Thursday, January 19, 2017

January 19, 1872 -- A City of Shanties No More . . . Maybe

January 19, 1872 – A little over a year after Chicago is destroyed by fire, the Chicago Tribune reports on the progress being made at establishing a fire-proof ordinance within the city.  The City Council, according to the article, is leaning toward a strict fire-proof ordinance within the center of the city, but seems inclined to exempt “that part of the South Division west of State and south of Twenty-fifth street, and west of Halsted street; all of the West Division south and west of Halsted, Rebecca, Throop, Twelfth, Reuben and Van Buren streets, and west of Western avenue … all of the West Division beyond Western avenue, north and west of Walnut and Reuben streets and Chicago avenue … in the North Division, all of the territory north and west of Chicago avenue, Wells street, and North avenue.”  [Chicago Tribune, January 19, 1972] This plan, the article indicates, “surrounds the city, north, west, and south, with a cordon, several miles deep of wooden buildings.”  The plan seems to take special care to avoid damaging the lucrative house-moving business, an industry the paper did not look upon with favor.  “No man who erects a permanent building,” the article states, “can tell the day when there may not be backed in on each side of his building some old rotten tenement, to be rented out at extortionate rates for prostitution, gambling, or other equally disreputable business.”  Contained within the ordinance, though, is a stipulation that whenever the owners of a majority of the ground on any block outside of the fire district shall so request, that block shall come under the provisions of the fire ordinance.  The paper urges the legislators to go farther, to make it unlawful “to erect any wooden building, barn, or shed within 150 feet, in any direction, from a brick or stone building already erected.”  The article ends with a plea to pass the legislation, “The passage of an ordinance prohibiting the erection hereafter of any wooden buildings in the city, with proper provision for the enforcement of the law, would be equal, in its financial effects, to the free loan of several millions of dollars.  It would relieve this city of an enormous indirect tax, and would invite hither a large amount of capital for permanent investment, which will avoid us if we continue to be a city of shanties.”

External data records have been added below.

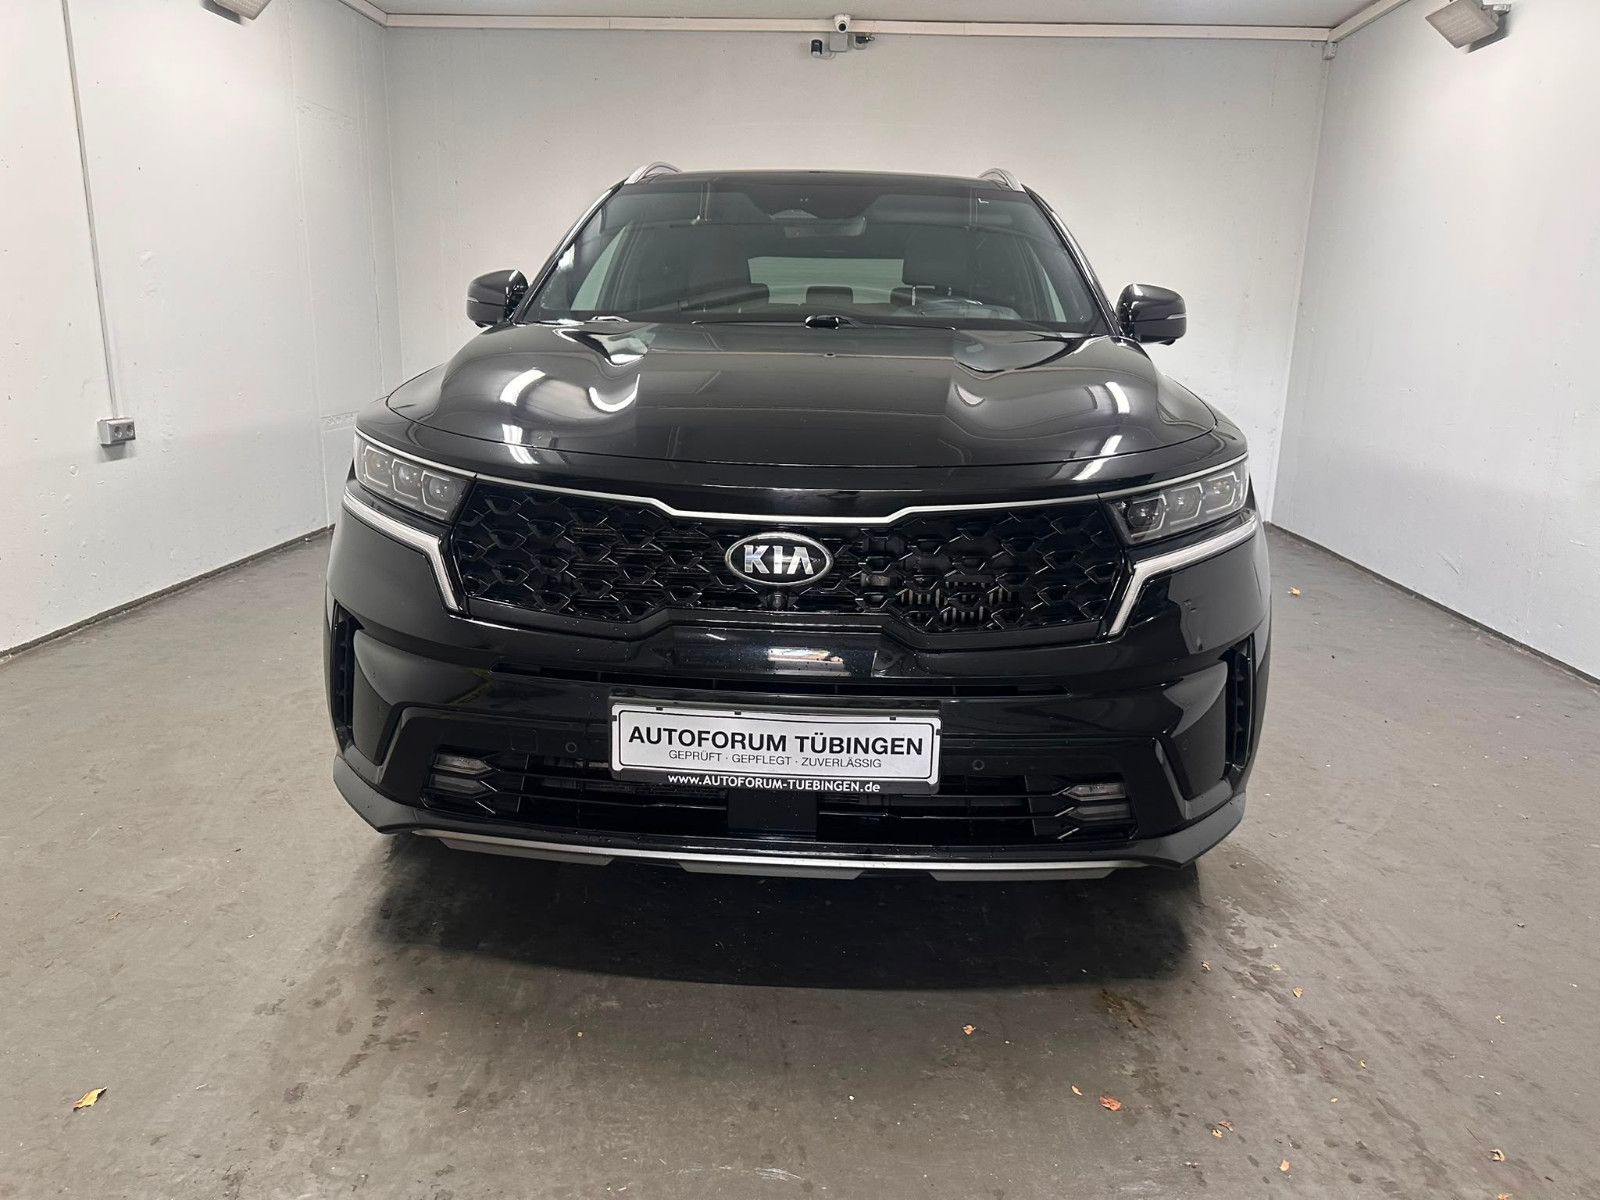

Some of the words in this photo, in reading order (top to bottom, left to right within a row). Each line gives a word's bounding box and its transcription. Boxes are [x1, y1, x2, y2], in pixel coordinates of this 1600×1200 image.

[744, 544, 814, 575] KIA
[628, 725, 787, 752] AUTOFORUM
[795, 732, 923, 755] TÜBINGEN
[668, 748, 722, 762] GEPRÜFT
[731, 753, 792, 766] GEPFLEGT
[801, 755, 882, 768] ZUVERLÄSSIG
[667, 773, 881, 793] www.AUTOFORUM-TUEBINGEN.de

Also on this date from an earlier blog entry . . .

January 19, 2010 -- Researchers report that for the first time DNA of Asian carp has been found in Lake Michigan. The U. S. Army Corps of Engineers, the U. S. Fish and Wildlife Service and other agencies quickly moved to allay fears about the invasive species spawning on the balconies of River North high rises, saying that there was still no evidence that live carp had entered the lake. Army Corps Major General John Peabody said, "The fact is that we don't know where the fish are. DNA tells us there is a presence in those areas and we've got to begin looking at whether we are getting false positives or negatives so we know what we're dealing with." Hours before the announcement the U. S. Supreme Court refused to address the carp issue, rejecting Michigan's request for an injunction that would force Illinois to stop any sources of water that might flow into Lake Michigan.